With the back board drying, I started to assemble the three oblong panels, using the fabric and background paper pieces. I experimented with different combinations of shape and size until I had three unique panels I was happy with. For a final bit of detail I added some additional stamping using text and circular stamps from Alison Bomber (sets EAB24EAB25EAB26) and some Copper Guilding Flakes for a metallic accent on the coloured card.  Once assembled I added some machine stitching to secure the various elements on each panel, leaving the loose threads for some extra texture on the finished piece. The final step was attaching the paper blossoms and a hand lettered sentiment to each of the three oblong panels.

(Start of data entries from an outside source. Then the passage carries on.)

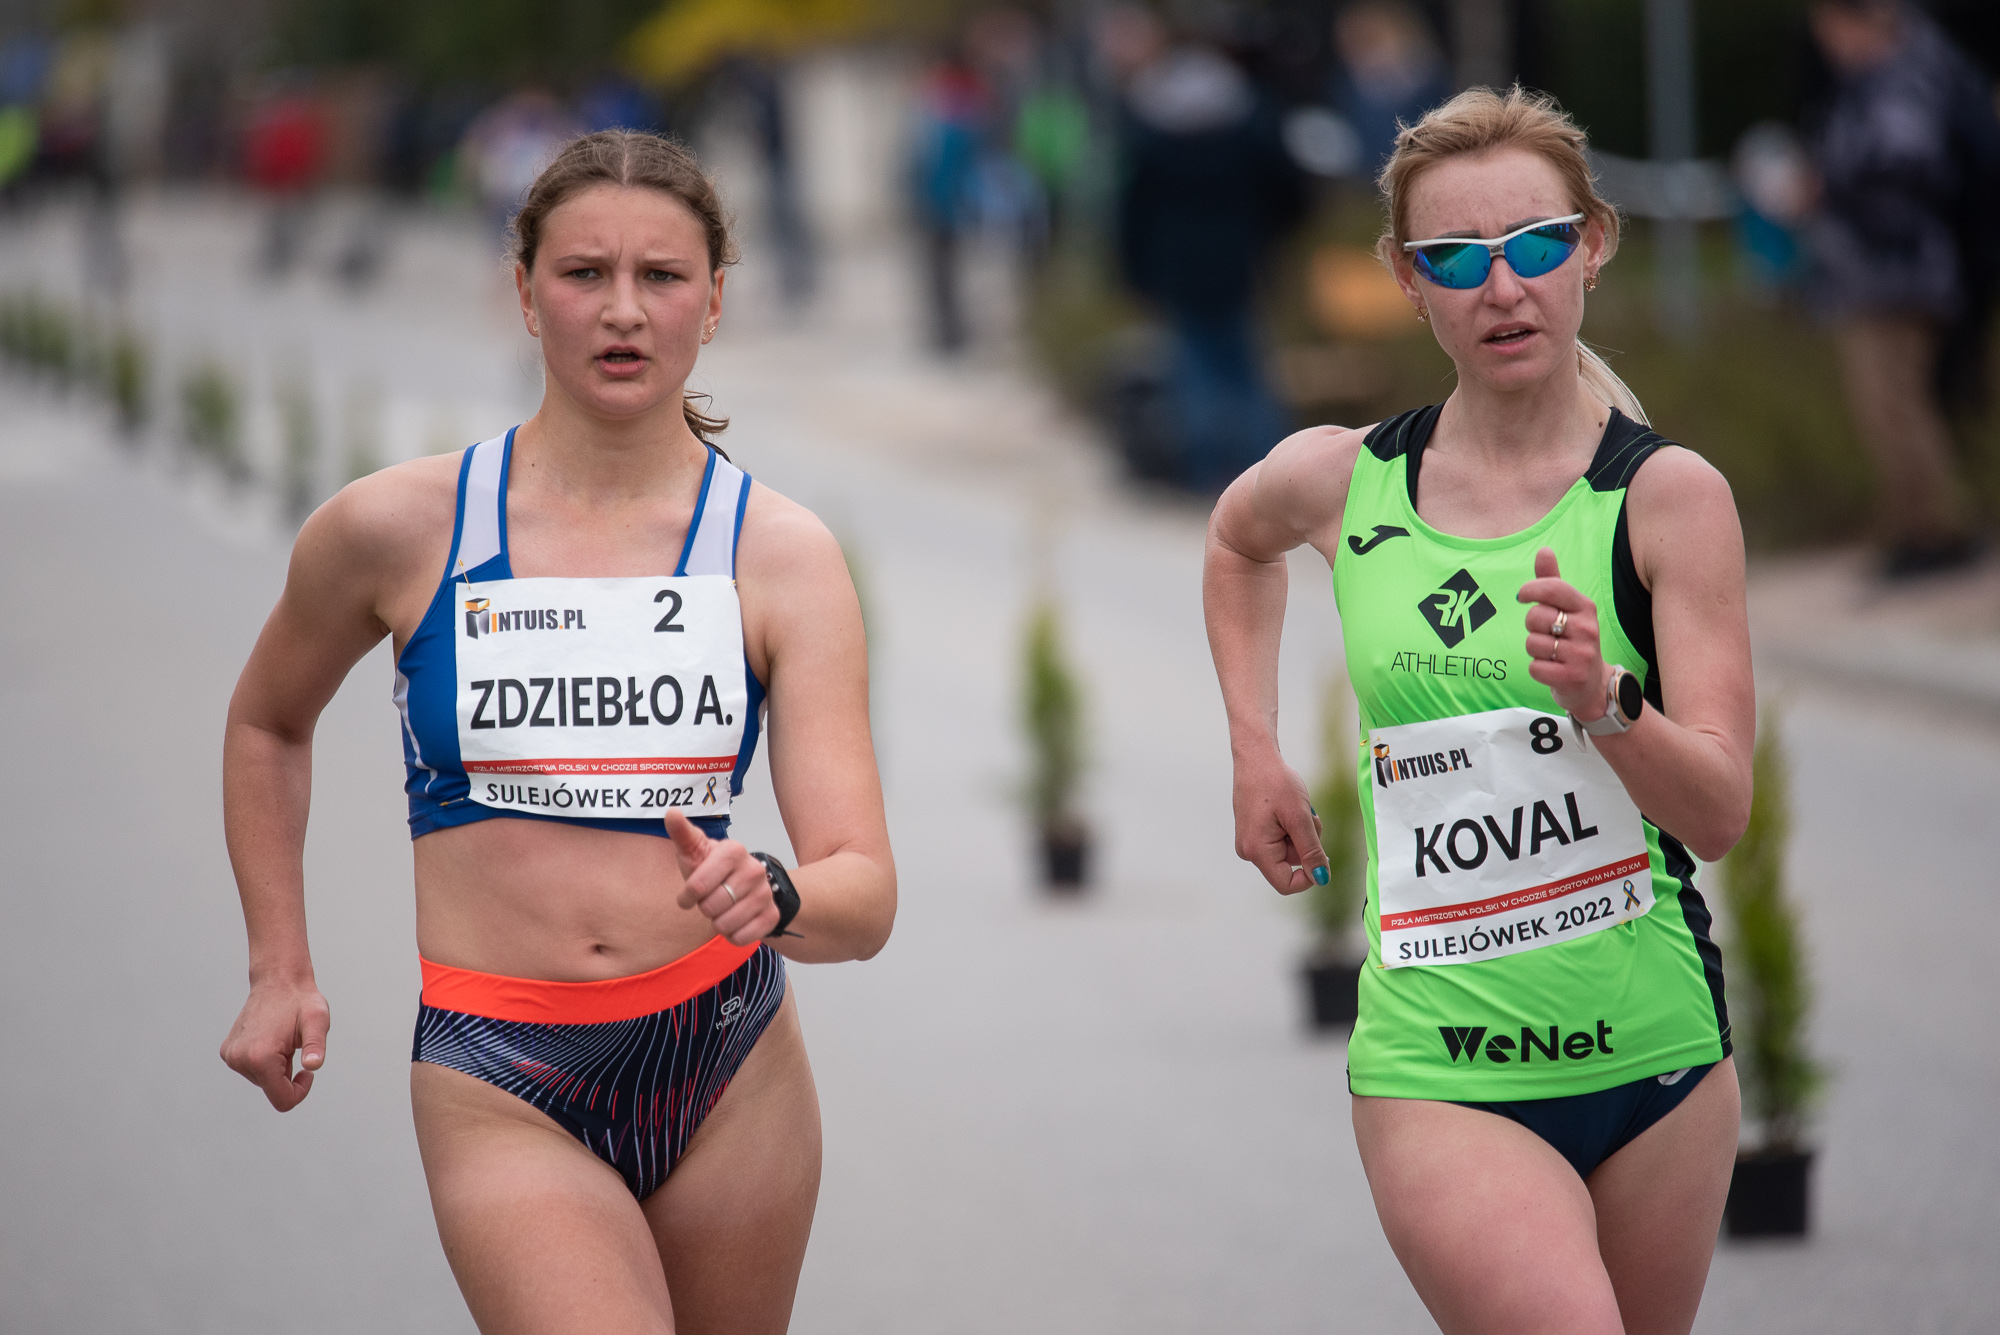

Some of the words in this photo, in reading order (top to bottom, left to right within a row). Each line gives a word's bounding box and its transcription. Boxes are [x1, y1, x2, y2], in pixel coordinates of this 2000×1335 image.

[491, 609, 587, 633] INTUIS.PL
[653, 589, 685, 633] 2
[1390, 651, 1507, 681] ATHLETICS
[470, 674, 684, 730] ZDZIEBŁO
[692, 675, 733, 726] A.
[1528, 716, 1563, 755] 8
[497, 764, 557, 772] MISTRZOSTWA
[558, 764, 589, 772] POLSKI
[600, 763, 638, 771] CHODZIE
[639, 763, 696, 771] SPORTOWYM
[1392, 748, 1473, 781] INTUIS.PL
[486, 782, 632, 808] SULEJÓWEK
[640, 786, 694, 808] 2022
[1414, 791, 1599, 878] KOVAL
[1391, 917, 1413, 927] PZLA
[1414, 909, 1469, 923] MISTRZOSTWA
[1469, 902, 1500, 916] POLSKI
[1500, 899, 1509, 908] W
[1510, 890, 1548, 906] CHODZIE
[1549, 873, 1603, 897] SPORTOWYM
[1603, 869, 1616, 879] NA
[1616, 866, 1628, 875] 20
[1628, 861, 1642, 872] KM
[1399, 916, 1550, 960] SULEJÓWEK
[1555, 896, 1615, 932] 2022
[1437, 1019, 1614, 1064] WeNet

The project was completed by mounting the three panels on the background board, with a mini rose gold bull dog clip as a faux hanging element.

The simple floral stamping is really effective on the finished piece. The basic colour palette really helps to ensure the finished piece isn't too busy and lets all the textures from the different elements lead the eye around the board. The pop of blue and orange is just enough to help distinguish the three panels from the background. The crackle effect to the background didn't turn out as pronounced as I'd hoped and in hindsight I should have used the paint more generously on the top coat to get more pronounced crackles.

I hope this has inspired you to have a go at stamping on fabric as a different substrate. I'd love to see what you make so don't forget to share and tag me on social media.

Wishing you a happy creative week



Helen said...

This is so beautiful!

SmilynStef said...

Wow ... that is so lovely ... thanks so much for the step-by-step process

Helen said...

Very delicate and beautiful.

Anonymous said...

Absolutely magical, Victoria. The subtle colour tones and soft textures are perfect with Kay’s lovely stamps.